February 16, 2001 04:30pm
Nude Female Jesus Photo Stirs Chaos
Source: AP
by: Verena Dobnik
(NEW YORK, NY) -- Mayor Rudolph Giuliani began assembling a task force to monitor ``decency'' in tax-sponsored art exhibits Friday, as a museum opened a show including a photograph depicting Jesus as a naked woman.
``If you want to display viciousness, hatred, ignorance, and you want to display anti-Catholicism, racism or anti-Semitism, then you go find a private museum that wants to pay for this or a private sponsor that wants to pay for this,'' the mayor said in a radio interview Friday morning.
``But you cannot use taxpayers' dollars!''
Giuliani also threatened to go to federal court to challenge taxpayer support of art he says defiles ``decency and respect for religion.''
The mayor's ire was prompted by Renee Cox's photograph ``Yo Mama's Last Supper,'' one of 188 works in a new show at the Brooklyn Museum of Art. Cox, who posed nude for a Last Supper image, is surrounded by 12 black apostles in the five-panel image.
Cox, a Jamaican-born artist who was raised Catholic, has said the image highlights legitimate criticisms of the church, including its refusal to ordain women as priests.
The work is ``beautiful!'' said Tammy Hindle, who viewed the exhibit, including the work of 94 contemporary black photographers. ``She's celebrating the part of God that is woman.''
Everton McIntyre, a Pentecostal Christian and a middle school art teacher, disagreed.
``The Lord's Supper means a lot to me. And her being nude bothers me. Jesus was never nude,'' he said.
Museum director Arnold Lehman did not respond directly to the mayor, but said in a statement that the work serves an important purpose.

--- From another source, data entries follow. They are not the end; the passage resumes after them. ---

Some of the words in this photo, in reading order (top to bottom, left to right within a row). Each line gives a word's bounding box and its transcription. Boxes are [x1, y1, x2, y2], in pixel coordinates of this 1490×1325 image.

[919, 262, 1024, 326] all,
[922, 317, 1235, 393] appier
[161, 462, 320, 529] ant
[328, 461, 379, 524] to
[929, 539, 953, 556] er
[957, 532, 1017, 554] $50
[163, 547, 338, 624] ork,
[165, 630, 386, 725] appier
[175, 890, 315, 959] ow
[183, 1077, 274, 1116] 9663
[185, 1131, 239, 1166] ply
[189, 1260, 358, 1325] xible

``Throughout history, the artist's responsibility has been to make us think,'' he said. ``The best artists walk blindfolded on a high wire every time they go to work. We owe them no less than our unwavering commitment.''
The same museum was at the center of a similar debate in 1999 when an exhibit including a dung-decorated painting of the Virgin Mary sparked a heated six-month legal battle.
The mayor froze the museum's annual $7.2 million city subsidy - about a third of its annual budget - then sued in state court to evict the museum.
The museum filed a countersuit in federal court, where a judge ruled that the city had violated the First Amendment and restored the funding.